We define Adjusted Free Cash Flow, which is a non-GAAP financial measure, as cash flow from operations less regular fixed dividends and maintenance capital. Maintenance capital represents the capital expenditures needed to maintain the same volume of annual oil and gas production and is defined as capital expenditures, excluding, when applicable, E&P capital expenditures that are related to strategic business expansion, such as acquisitions and divestitures of oil and gas properties and any exploration and development activities to increase production beyond the prior year’s annual production volumes and capital expenditures in our Well Servicing and Abandonment and Corporate segments that are related to ancillary sustainability initiatives or other expenditures that are discretionary and unrelated to maintenance of our core business. Management believes Adjusted Free Cash Flow may be useful in an investor analysis of our ability to generate cash from operating activities from our existing oil and gas asset base after maintaining the existing production volumes of that asset base to return capital to stockholders, fund further business expansion through acquisitions or investments in our existing asset base to increase production volumes and pay other non-discretionary expenses.
The Adjusted EBITDA and Adjusted Free Cash Flow projections included in this press release are based on internal financial analyses.
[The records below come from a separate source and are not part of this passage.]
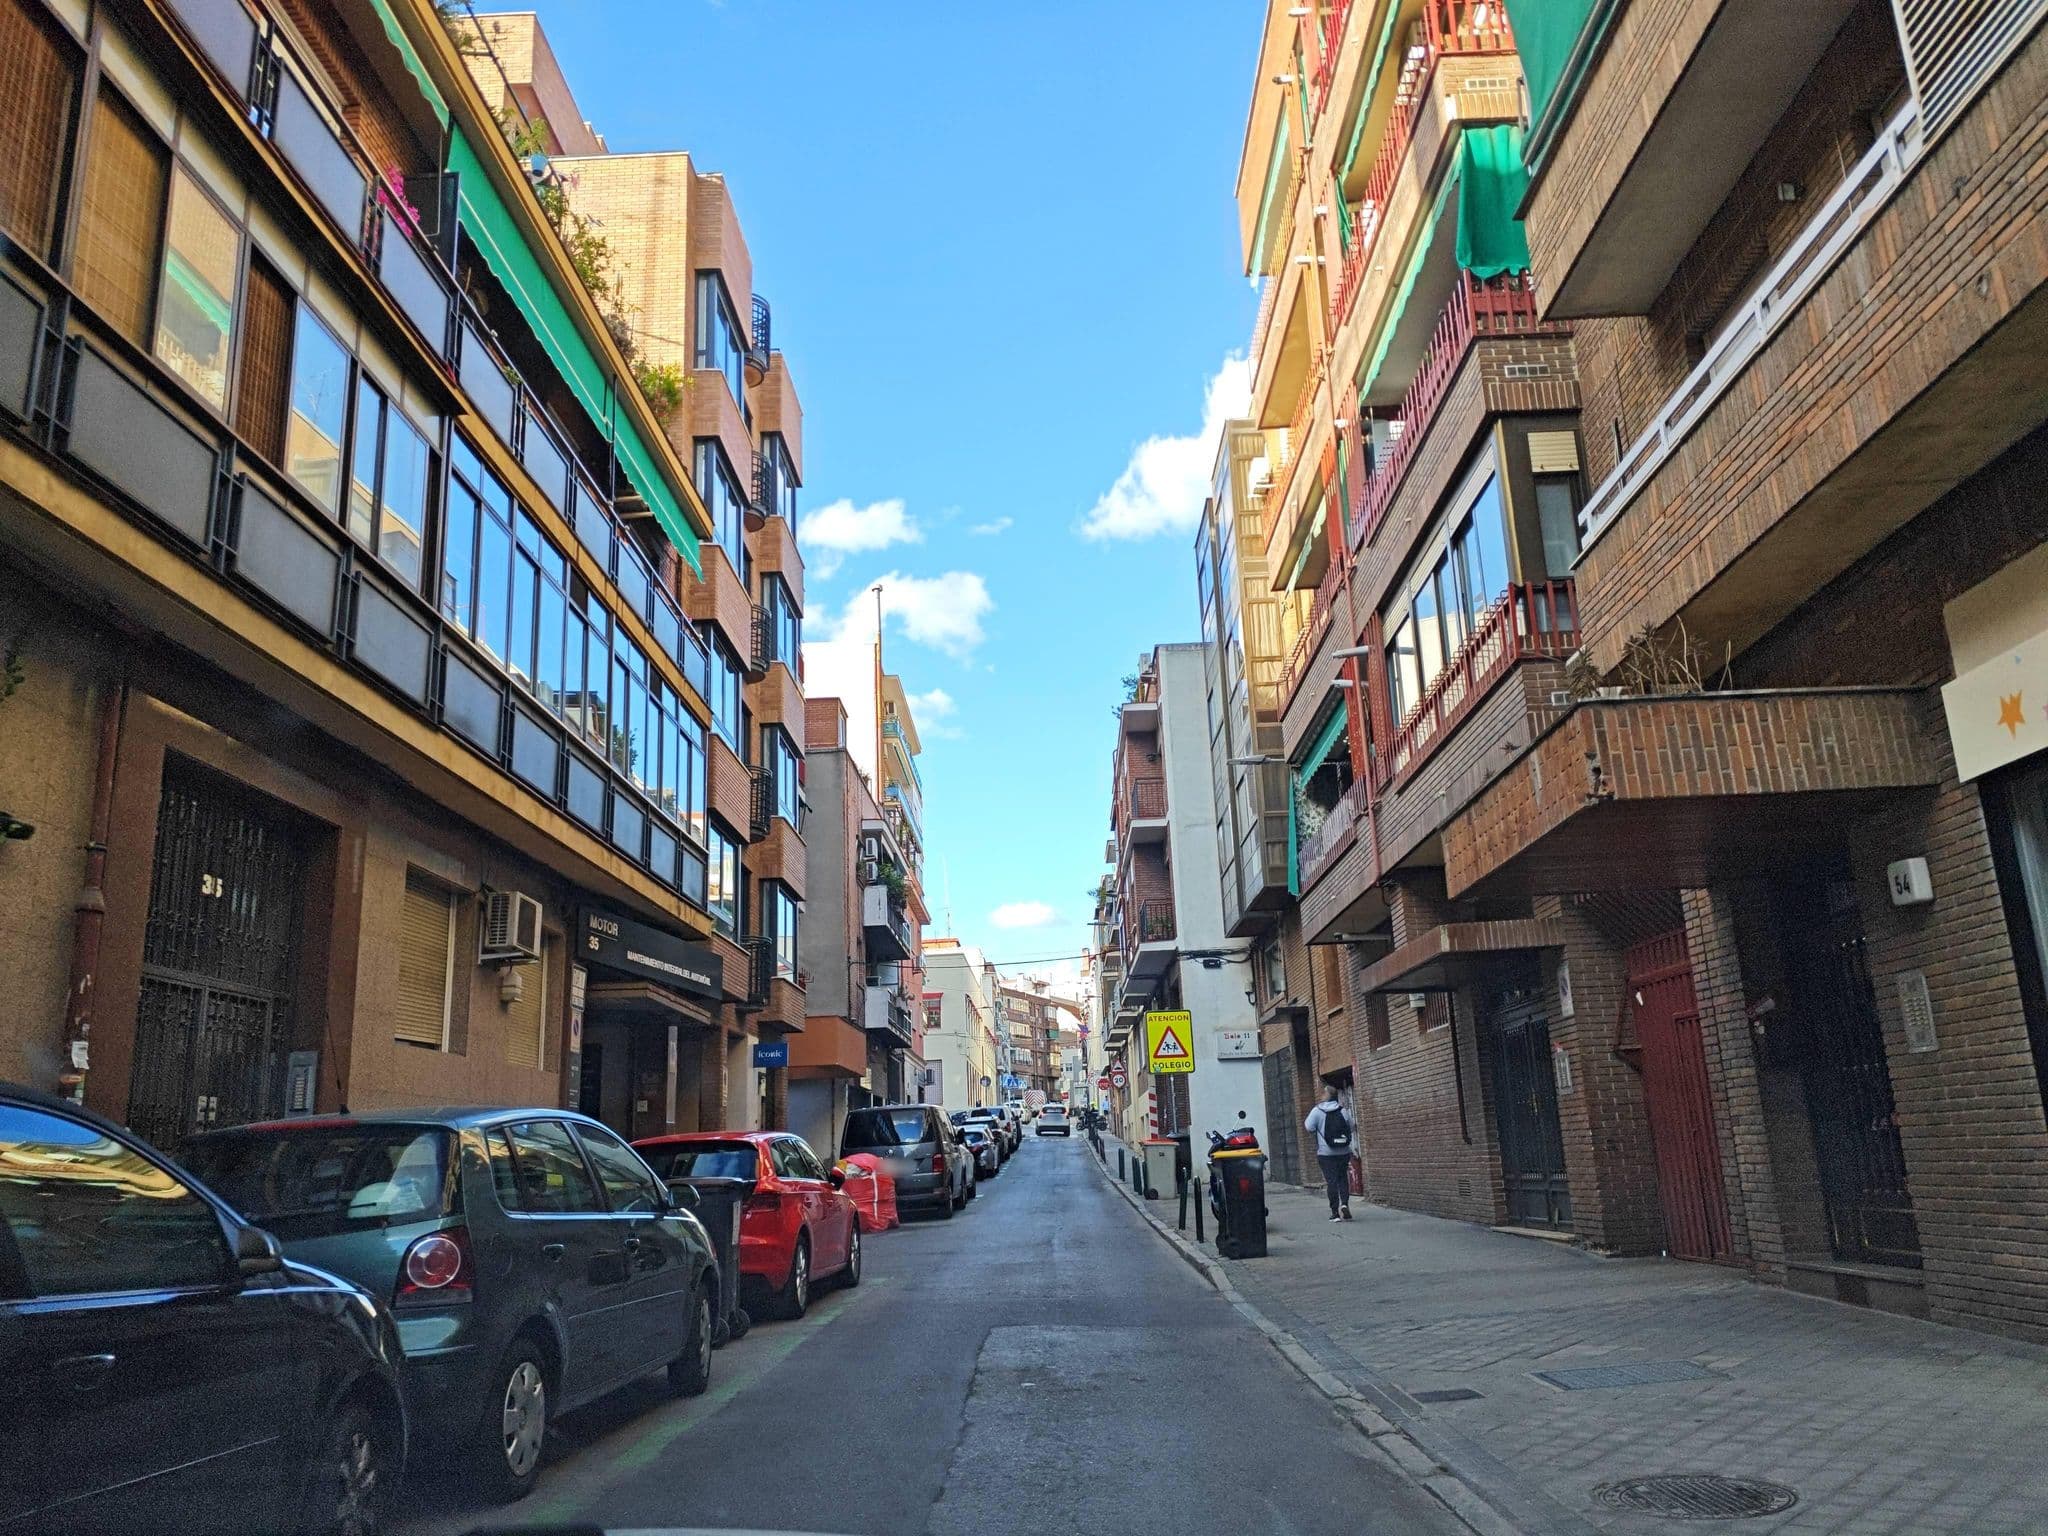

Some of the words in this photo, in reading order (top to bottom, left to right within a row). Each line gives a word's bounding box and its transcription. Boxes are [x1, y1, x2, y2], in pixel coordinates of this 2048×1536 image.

[202, 873, 223, 898] 35
[1894, 874, 1911, 895] 54
[589, 915, 618, 936] MOTOR
[588, 936, 599, 951] 35
[1148, 1014, 1189, 1022] ATENCION
[1152, 1061, 1191, 1069] COLEGIO
Such estimates are based on numerous assumptions and are inherently uncertain and subject to significant business, economic, financial, regulatory, and competitive risks that could cause actual results and amounts to differ materially from such estimates. A reconciliation of estimated Adjusted EBITDA and Adjusted Free Cash Flow to the closest GAAP financial measures, net income (loss) and cash flow from operations, respectively, are not provided because net income (loss) and cash flow from operations expected to be generated are not available without unreasonable effort.